Patients assigned to the intervention group were asked to see the chiropodist at least once a month. The treatments were free of charge for these patients. They could select a conveniently located therapist from a list of eligible chiropodists. We, in turn, advised the chiropodists of impending patient visits and advised all patients randomized to the intervention group to start seeing their chosen chiropodist within the next 4 weeks.

For patients allocated to the control group, chiropodist treatment was not specifically recommended. However, the same list of qualified chiropodist was made available to these patients who after informed consent indicated an interest in chiropodist care and were willing to pay for it. In addition, they were asked to report their visits to the study center.

Chiropodist training
Chiropodists in Austria are required to complete a 2-year vocational school following compulsory education at the age of 15 years. Because this chiropodist care is less specialized and not comparable with general podiatric care in other countries, all chiropodists participating in this investigation underwent special training in the diabetic foot syndrome. The training program consisted of 80 sessions, including interactive lectures on etiopathogenesis of the diabetic foot, identification of risk factors, prevention and treatment of diabetic foot lesions, suitable footwear, and educational approaches to patients. Practical work covered the treatment of patients with feet at risk, e.g., cutting or removal of corns and calluses, trimming of nails, treatment of ingrown toenails, application of skin creams, and other hygienic preventive maintenance care. Trainees had the opportunity to apply these skills to patients at our foot clinic under the supervision of the foot clinic staff. The 53 trained chiropodists sufficed to blanket the province.
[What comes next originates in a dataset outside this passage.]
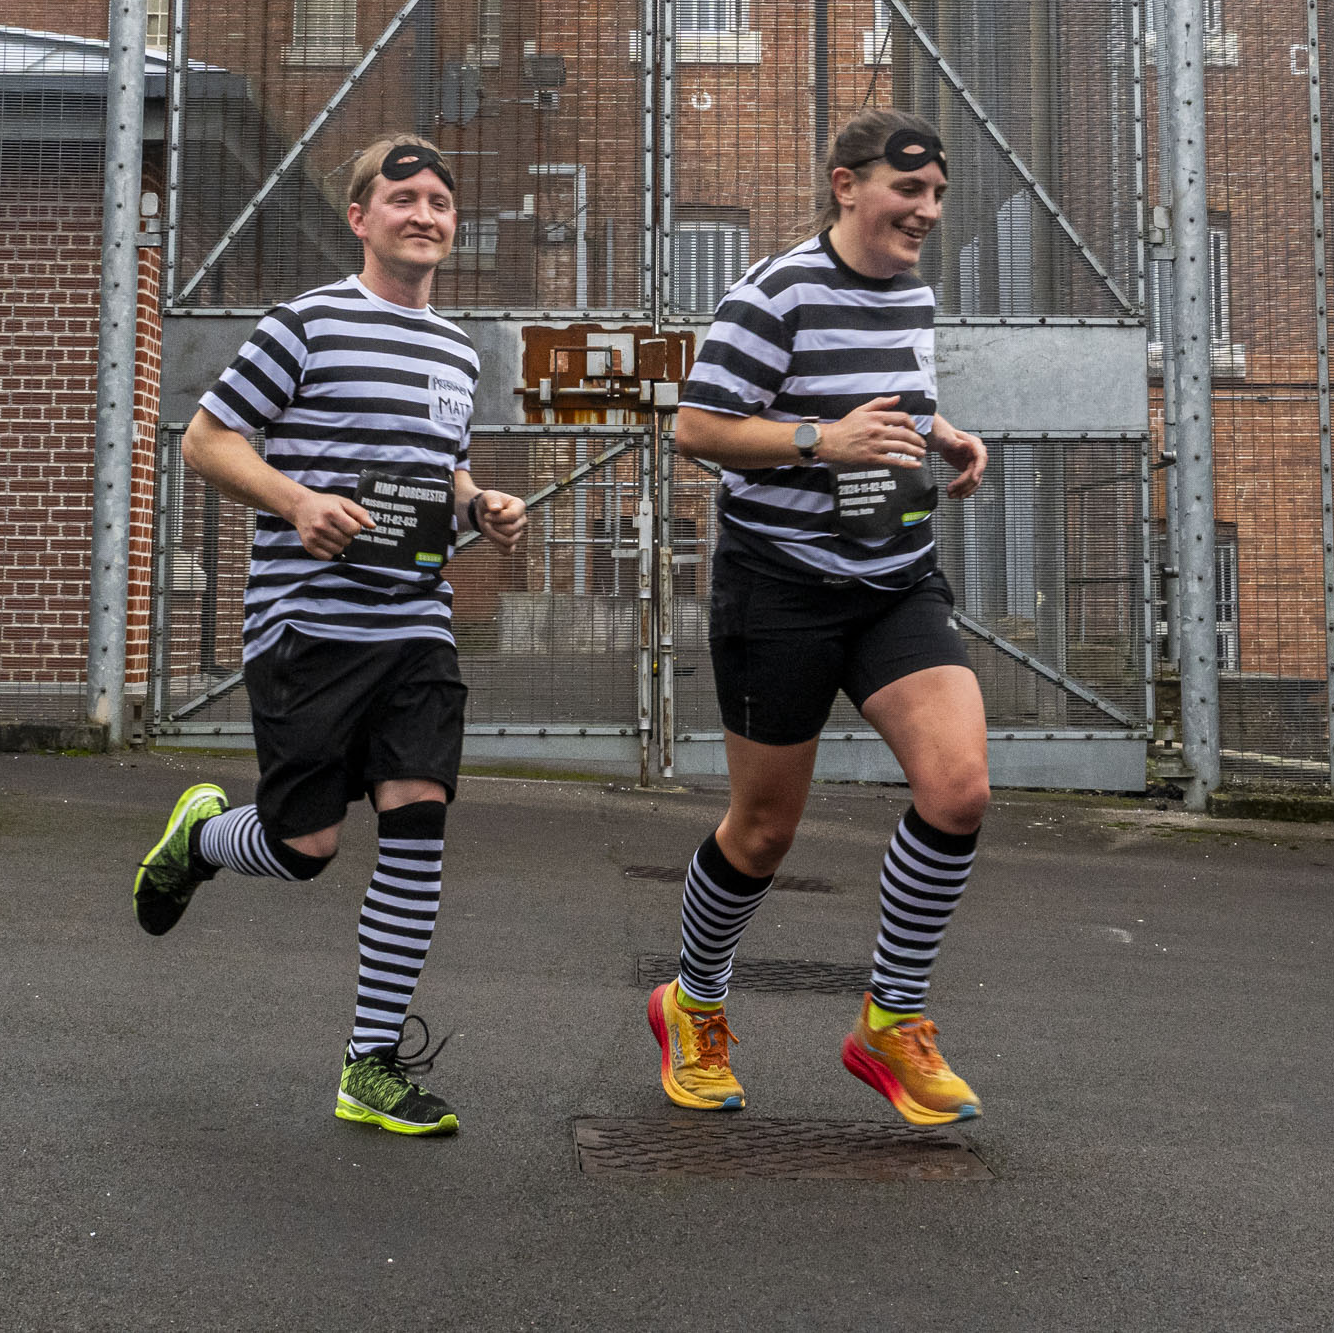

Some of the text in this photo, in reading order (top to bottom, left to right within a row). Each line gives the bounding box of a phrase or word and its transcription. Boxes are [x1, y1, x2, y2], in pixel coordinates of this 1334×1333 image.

[374, 481, 447, 504] HMP DORCHESTER
[361, 496, 392, 511] PRISONER
[369, 510, 418, 527] 24-11-02-032
During the investigation, chiropodists kept a record of patients’ visits. Additionally, patients were advised to contact us at our outpatient foot clinic in the event of new or suspected ulceration, intercurrent hospitalization for foot-related complications, or other relevant clinical features. Chiropodists and family doctors of all participating patients, who were informed about trial-related activities, were instructed to refer patients to the study center when there was frank or impending ulceration. Lesions fulfilling the end point ulcer were documented and treated at the study center.
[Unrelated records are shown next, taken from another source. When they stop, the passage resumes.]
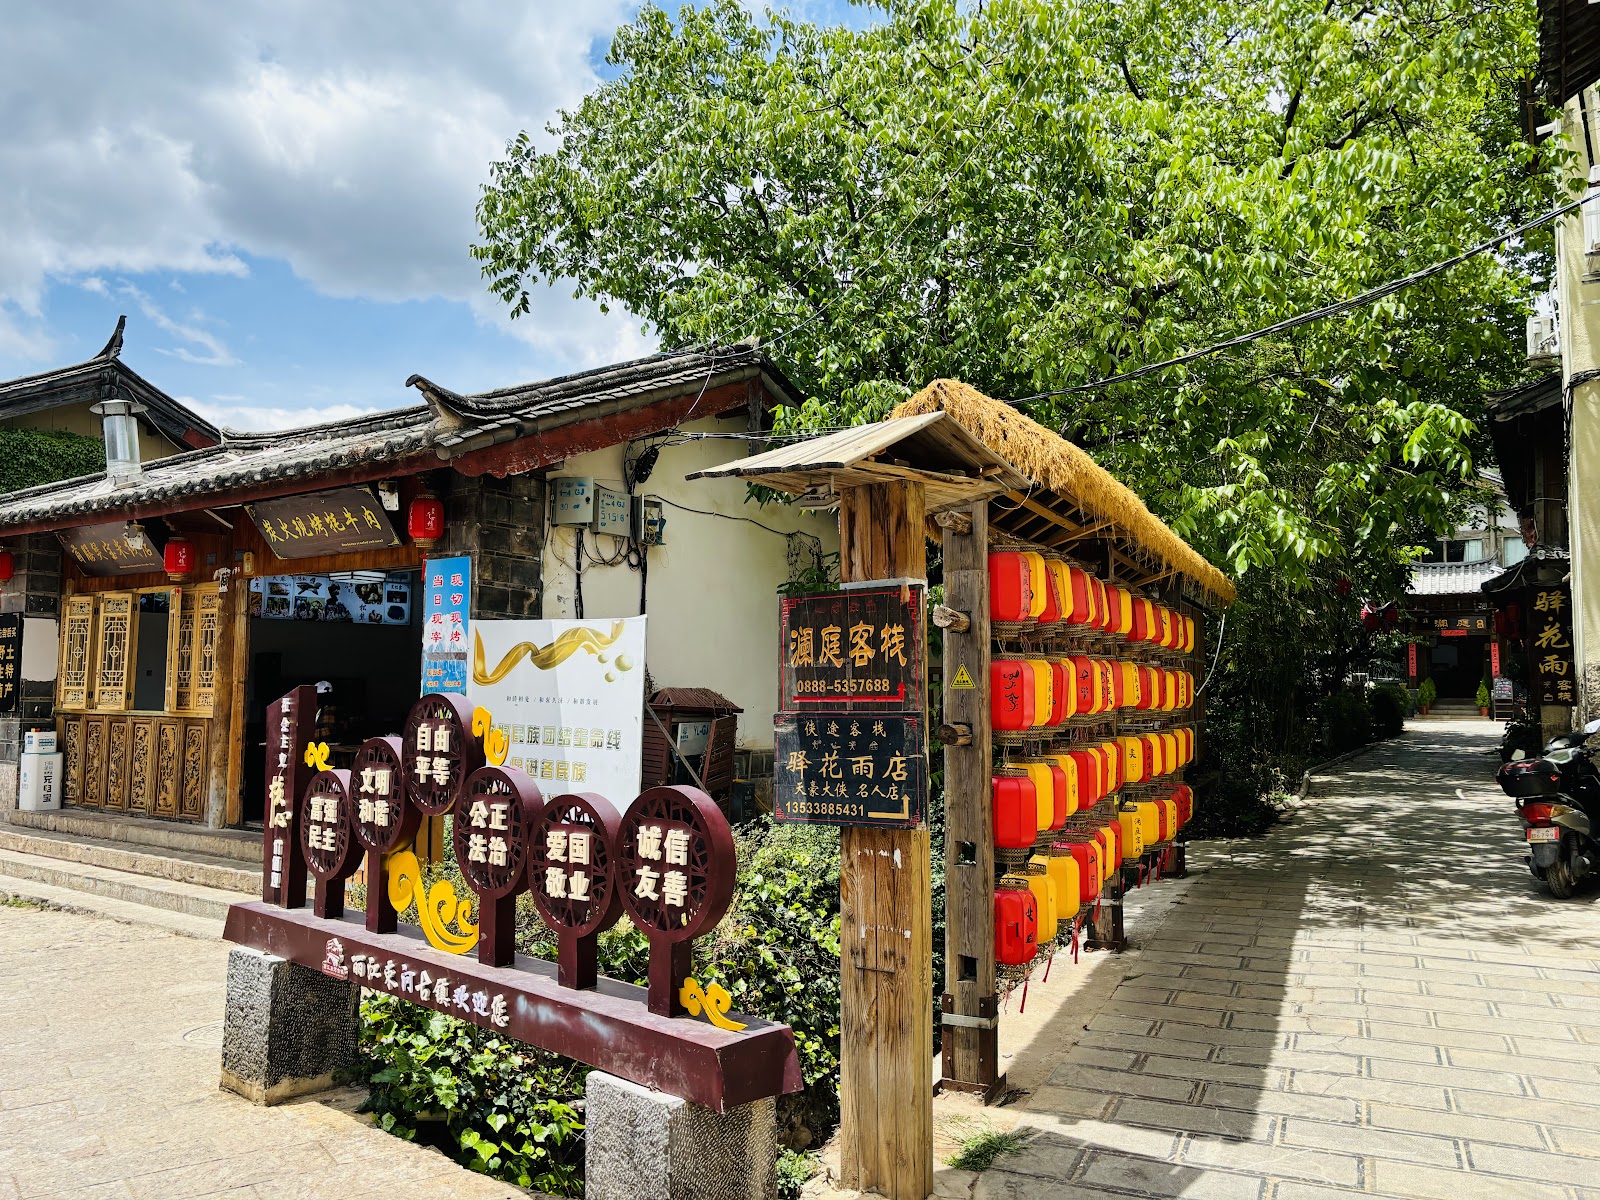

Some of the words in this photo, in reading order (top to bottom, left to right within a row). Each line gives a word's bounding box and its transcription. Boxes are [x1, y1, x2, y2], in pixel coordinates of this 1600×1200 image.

[262, 506, 382, 543] 炭火现烤牦牛肉
[431, 575, 444, 643] 当日现宰
[449, 573, 463, 643] 现切现烤
[790, 620, 908, 668] 澜庭客栈
[797, 679, 890, 693] 0888-5357688
[1557, 680, 1573, 702] 客栈
[417, 723, 450, 752] 自由
[805, 720, 887, 738] 侠途客栈
[359, 767, 391, 795] 文明
[414, 756, 450, 786] 平等
[786, 750, 909, 782] 驿花雨店
[794, 780, 850, 798] 天豪大侠
[856, 783, 900, 800] 名人店
[310, 796, 339, 823] 富强
[359, 799, 390, 827] 和谐
[469, 800, 509, 831] 公正
[786, 801, 864, 817] 13533885431
[308, 825, 336, 852] 民主
[468, 833, 508, 867] 法治
[546, 830, 591, 865] 爱国
[636, 825, 690, 866] 诚信
[545, 867, 590, 902] 敬业
[634, 865, 688, 907] 友善
[350, 954, 510, 1028] 丽江束河古镇欢迎您
Medical reports were requested when necessary from other health care institutions. None of the patients received additional special training in diabetic foot care. Members of both groups could be referred to the diabetic foot clinic as needed.

All trial-related activities were carried out until the end of the observation period or death of the patient. After an average of 12 months, patients were invited to a follow-up examination at our foot clinic.

Statistical methods
Statistical analysis was performed on the intention to treat population. In addition, we performed a per protocol analysis comparing all patients with at least one chiropodist visit every 5 weeks on average against all other patients. In the patient-oriented analysis, only the first occurrence of an event per patient was analyzed. Time to event analysis was performed by log rank test reporting hazard ratio (HR). HR was computed according to Altman (20). Comparisons of categorical data at the end of the follow-up period were made with Fisher’s exact test, and relative risk was reported. Follow-up time between the intervention and control groups was compared with the Wilcoxon test.

In foot-oriented analyses, each lower limb was considered a subject in analysis. The outcome was defined as the first recurrence of ulceration on the foot. Because two legs of a given patient do not represent independent observations, Huber’s (21,22) robust variance estimation method, which takes into account the dependency of observations, was used to compute the P values and confidence limits. The analyses were performed using the Cox proportional hazard model, and the Cox regression relative risk (eß, Cox RR) was reported. The proportional hazard assumptions were checked as appropriate (23) for all foot-oriented analyses and were not violated. The conventional significance levels of {alpha} = 0.05 were used throughout. The R (24) package for statistical computing was used for the analysis.


    RESULTS
 TOP
 ABSTRACT
 INTRODUCTION
 RESEARCH DESIGN AND METHODS
 RESULTS
 CONCLUSIONS
 References
 
Ninety-three patients with a recently healed ulcer were invited to participate in the trial. Two patients refused to enter the trial for personal reasons. Of 91 patients, 47 with 92 lower limbs were randomized to the intervention group and 44 with 85 lower limbs were randomized to the control group (Table 1).

All 91 patients were followed until the end of the observation period or death. The median follow-up period was 386 days (368–424, 25th-75th percentile). Intertreatment group comparison revealed no difference in follow-up time (P = 0.64).

Ulceration: intention to treat
In the chiropodist care group, ulceration recurred in 20 feet, whereas 32 feet in the control group were affected (Fig. 1; Cox RR 0.52; 95% CI, 0.29, 0.93; P = 0.03). When analyzed per patient, 18 patients in the chiropodist group suffered from ulcerations compared with 25 patients in the control group (HR 0.60; 95% CI, 0.32, 1.09; P = 0.09).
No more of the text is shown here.